▸ **Problem requirements**
Would you print out all of the data exactly and keep the pictures out of it?

▸ **Records shown**
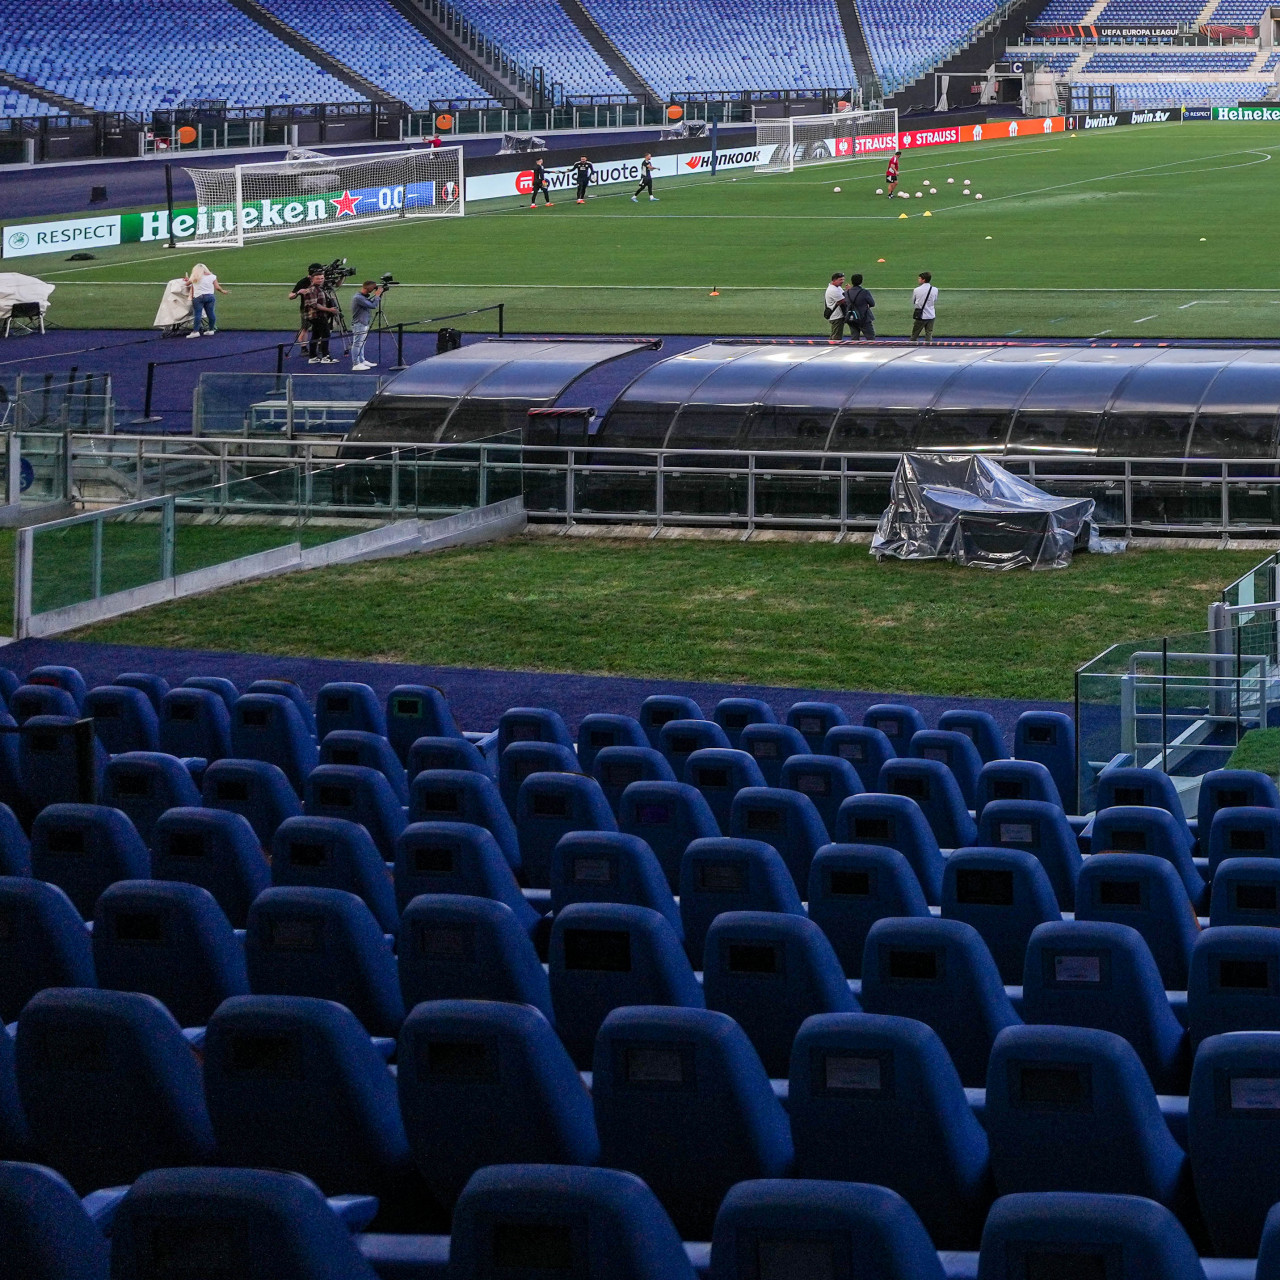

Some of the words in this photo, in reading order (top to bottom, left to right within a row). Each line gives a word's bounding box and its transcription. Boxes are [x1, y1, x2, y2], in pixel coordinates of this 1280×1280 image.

[1013, 63, 1023, 73] C
[1085, 114, 1118, 128] bwin.tv
[1131, 110, 1171, 124] bwin.tv
[855, 134, 897, 152] STRAUSS
[916, 129, 957, 145] STRAUSS
[140, 199, 328, 242] Heineken
[37, 224, 117, 245] RESPECT
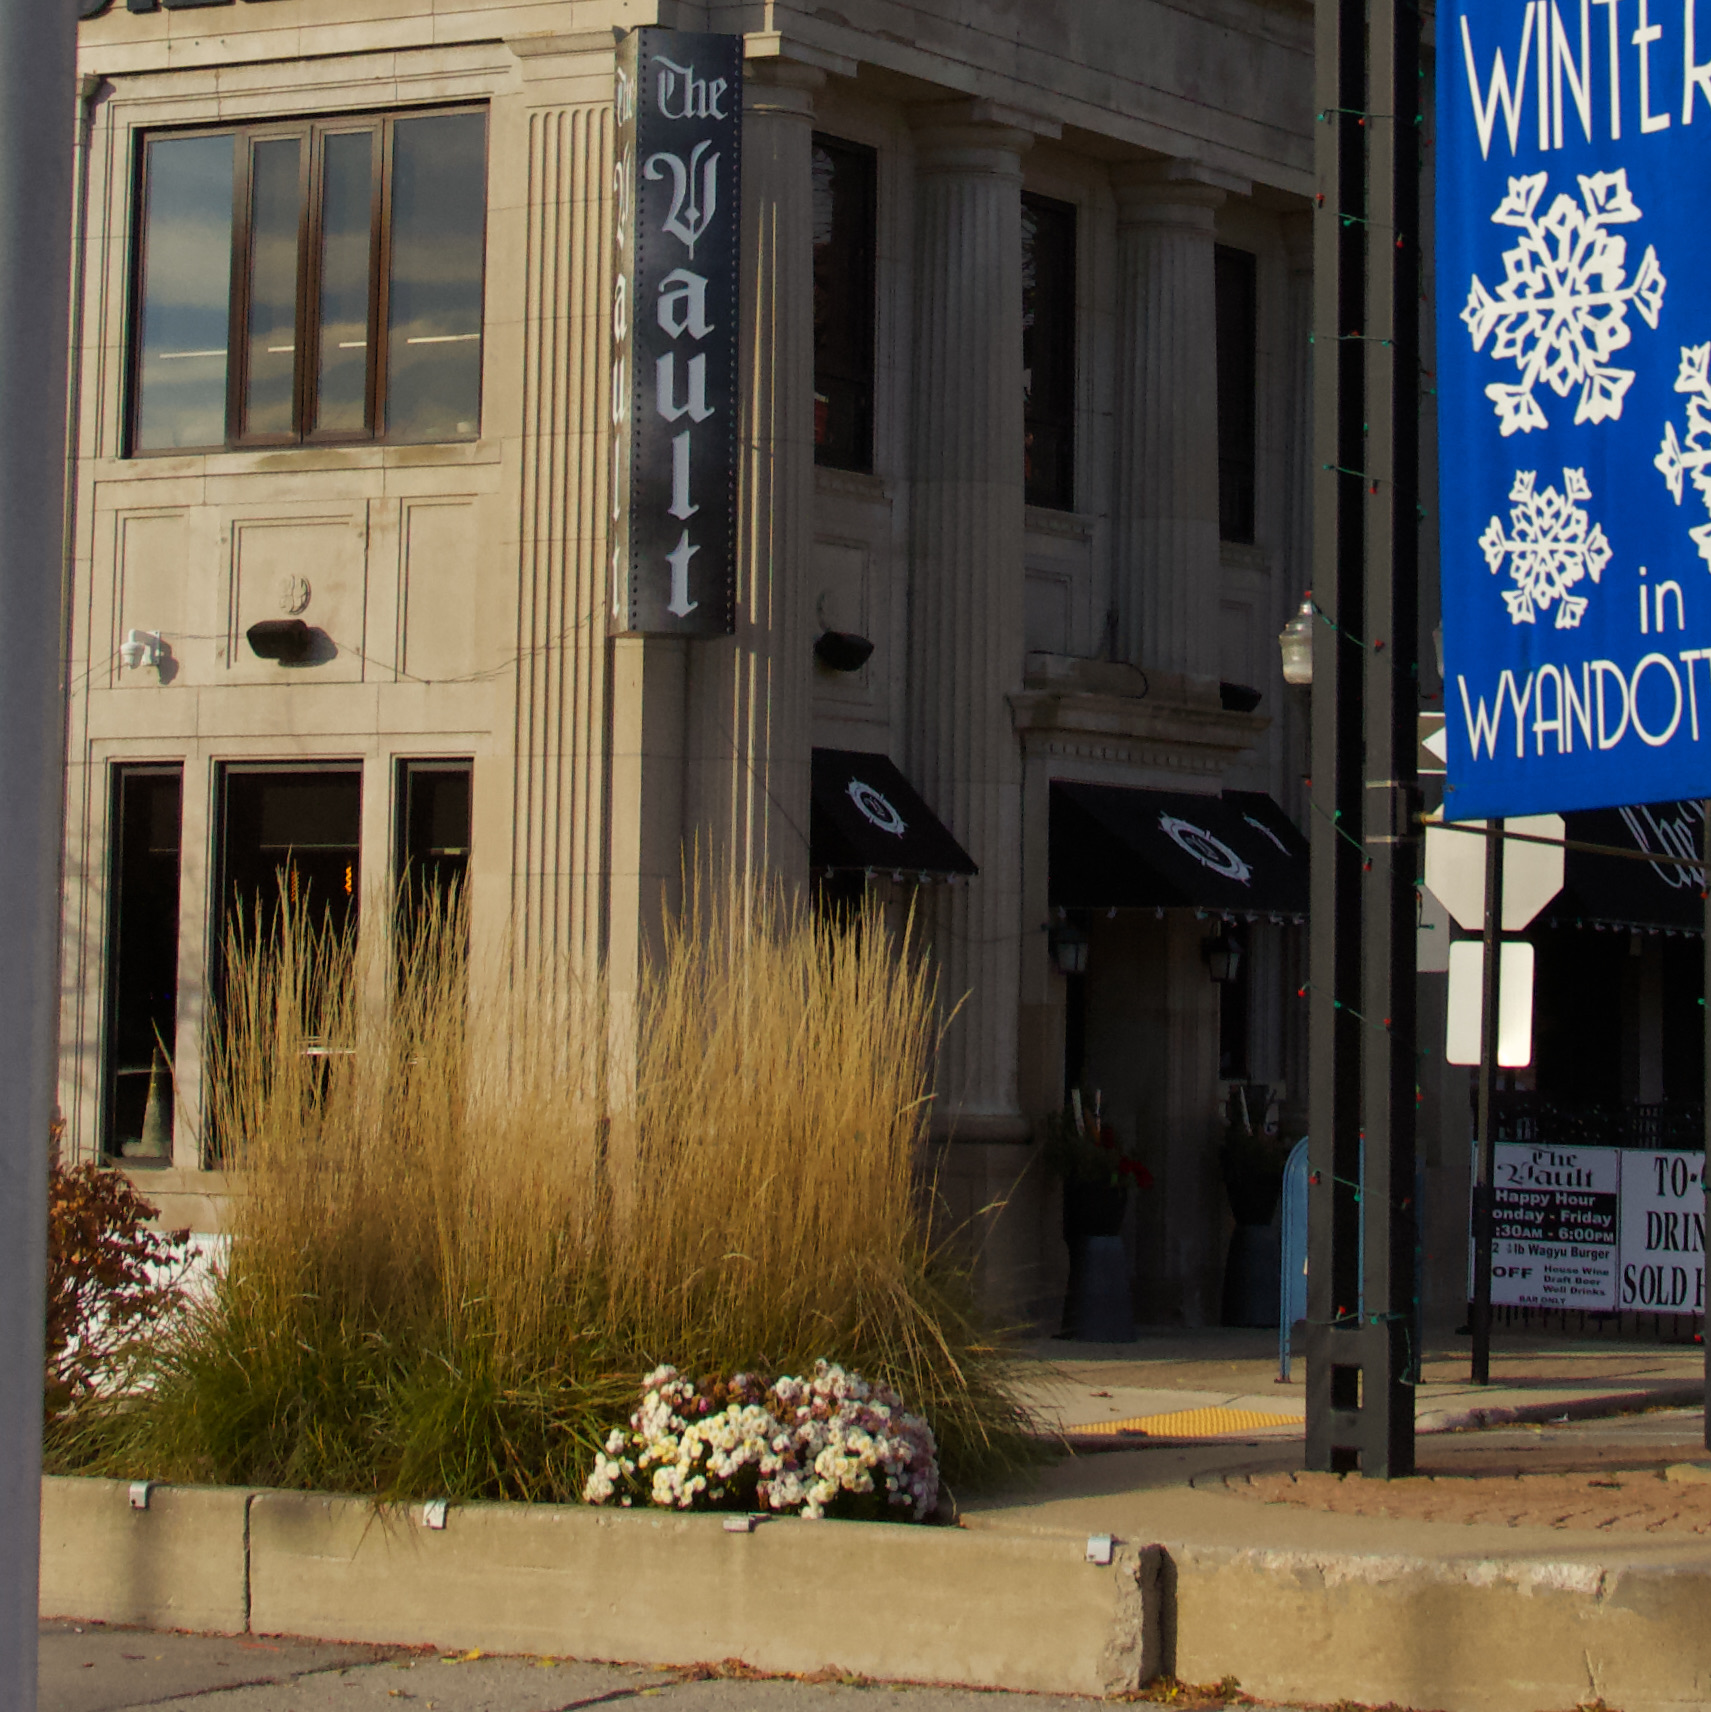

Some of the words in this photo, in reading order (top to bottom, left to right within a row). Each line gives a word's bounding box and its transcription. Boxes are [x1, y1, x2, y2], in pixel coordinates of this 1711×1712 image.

[651, 55, 729, 121] The
[643, 139, 722, 618] Vault
[1639, 566, 1686, 635] in
[1529, 1148, 1577, 1168] The
[1497, 1160, 1593, 1187] Vault
[1495, 1189, 1551, 1207] Happy
[1555, 1191, 1597, 1206] Hour
[1491, 1208, 1545, 1224] onday
[1560, 1209, 1612, 1227] Friday
[1495, 1224, 1543, 1239] :30AM
[1646, 1211, 1705, 1252] DRIN
[1528, 1244, 1567, 1259] Wagyu
[1571, 1246, 1610, 1261] Burger
[1492, 1266, 1533, 1280] OFF
[1544, 1265, 1579, 1274] House
[1582, 1267, 1609, 1276] Wine
[1544, 1275, 1572, 1284] Draft
[1575, 1277, 1601, 1286] Beer
[1622, 1264, 1687, 1306] SOLD
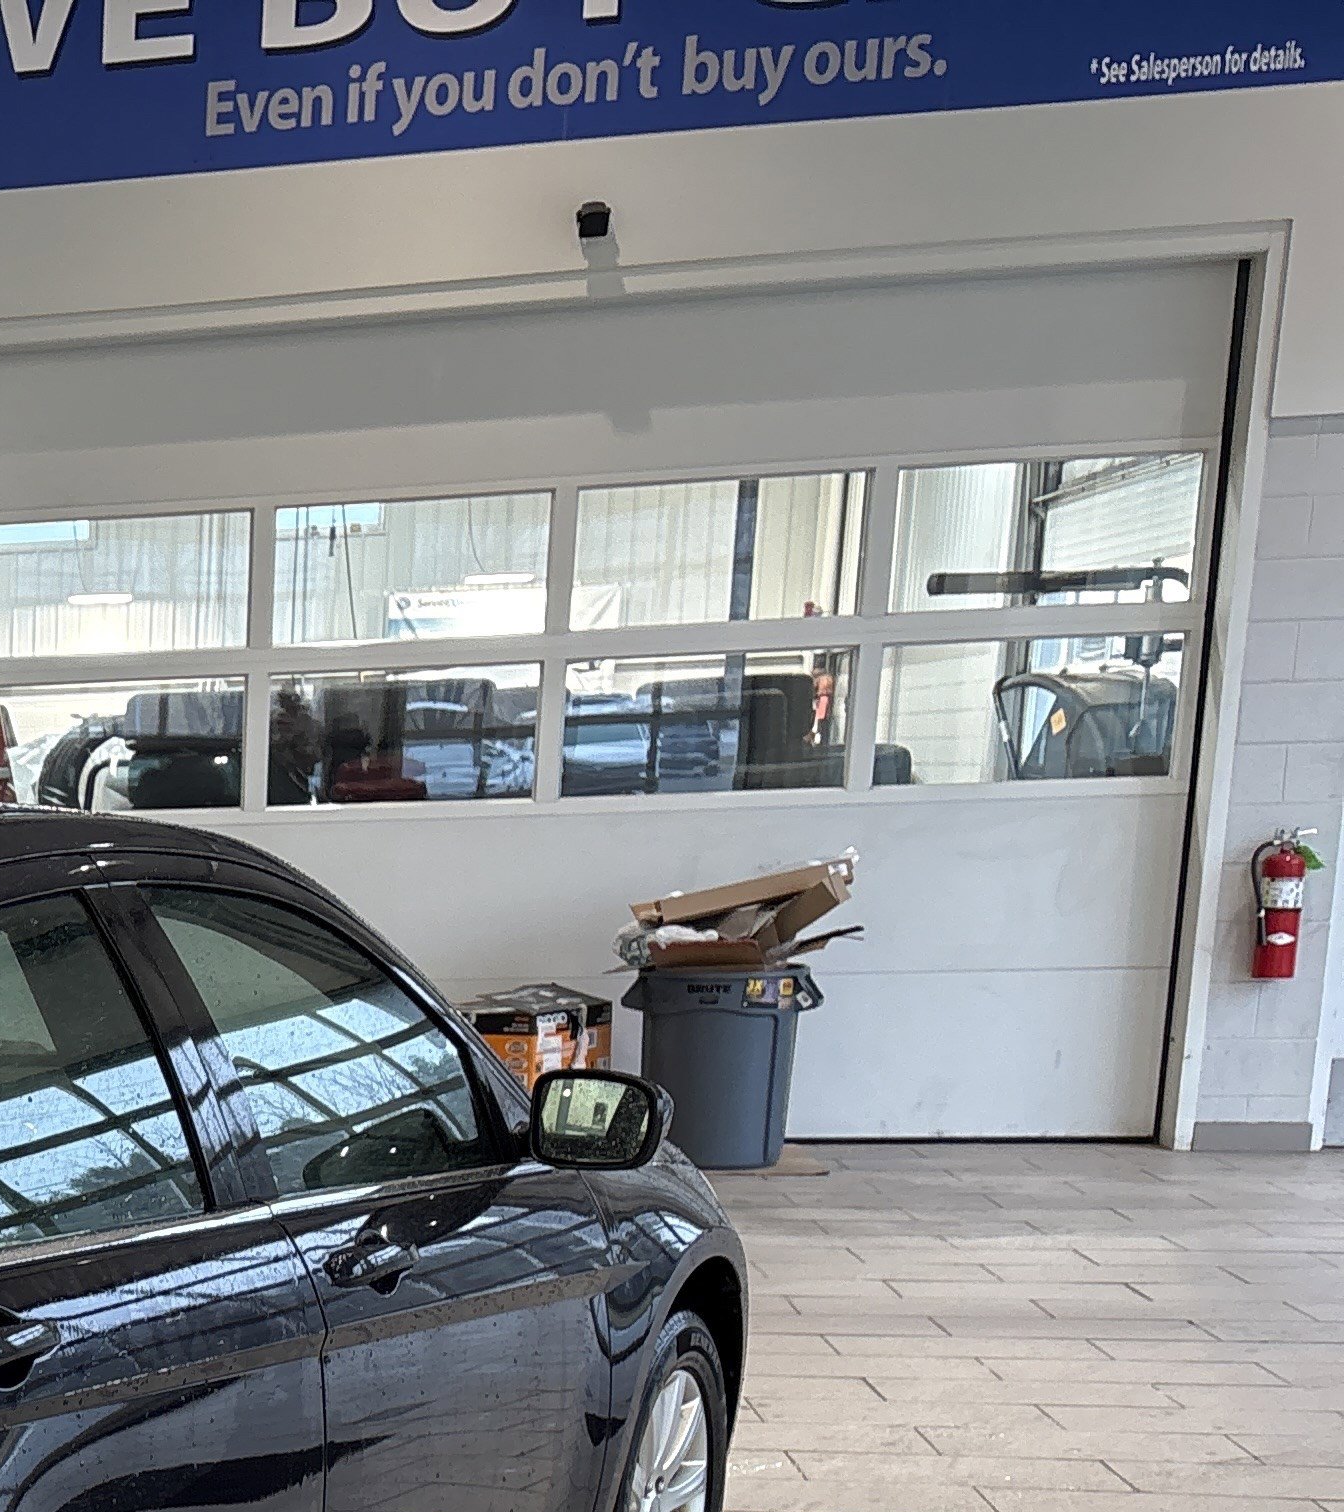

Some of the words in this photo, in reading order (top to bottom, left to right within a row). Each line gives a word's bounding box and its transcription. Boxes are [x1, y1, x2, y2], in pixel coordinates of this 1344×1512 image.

[204, 78, 333, 138] Even
[345, 60, 388, 126] if
[391, 67, 497, 137] you
[507, 40, 662, 109] don't
[680, 33, 796, 107] buy
[803, 32, 949, 86] ours.
[1129, 51, 1222, 86] Salesperson
[1223, 44, 1249, 75] for
[1249, 39, 1306, 73] details.

▸ **Solution to the exercise**
Some of the words in this photo, in reading order (top to bottom, left to right within a row). Each line gives a word's bounding box and its transcription. Boxes are [x1, y1, x2, y2], in pixel coordinates of this 1280×1280 image.

[1013, 63, 1023, 73] C
[1085, 114, 1118, 128] bwin.tv
[1131, 110, 1171, 124] bwin.tv
[855, 134, 897, 152] STRAUSS
[916, 129, 957, 145] STRAUSS
[140, 199, 328, 242] Heineken
[37, 224, 117, 245] RESPECT

Some of the words in this photo, in reading order (top to bottom, left to right within a row). Each line gives a word's bounding box and its transcription. Boxes are [x1, y1, x2, y2], in pixel coordinates of this 1711×1712 image.

[651, 55, 729, 121] The
[643, 139, 722, 618] Vault
[1639, 566, 1686, 635] in
[1529, 1148, 1577, 1168] The
[1497, 1160, 1593, 1187] Vault
[1495, 1189, 1551, 1207] Happy
[1555, 1191, 1597, 1206] Hour
[1491, 1208, 1545, 1224] onday
[1560, 1209, 1612, 1227] Friday
[1495, 1224, 1543, 1239] :30AM
[1646, 1211, 1705, 1252] DRIN
[1528, 1244, 1567, 1259] Wagyu
[1571, 1246, 1610, 1261] Burger
[1492, 1266, 1533, 1280] OFF
[1544, 1265, 1579, 1274] House
[1582, 1267, 1609, 1276] Wine
[1544, 1275, 1572, 1284] Draft
[1575, 1277, 1601, 1286] Beer
[1622, 1264, 1687, 1306] SOLD

Some of the words in this photo, in reading order (top to bottom, left to right within a row). Each line gives a word's bounding box and its transcription. Boxes are [x1, y1, x2, y2], in pixel coordinates of this 1344×1512 image.

[204, 78, 333, 138] Even
[345, 60, 388, 126] if
[391, 67, 497, 137] you
[507, 40, 662, 109] don't
[680, 33, 796, 107] buy
[803, 32, 949, 86] ours.
[1129, 51, 1222, 86] Salesperson
[1223, 44, 1249, 75] for
[1249, 39, 1306, 73] details.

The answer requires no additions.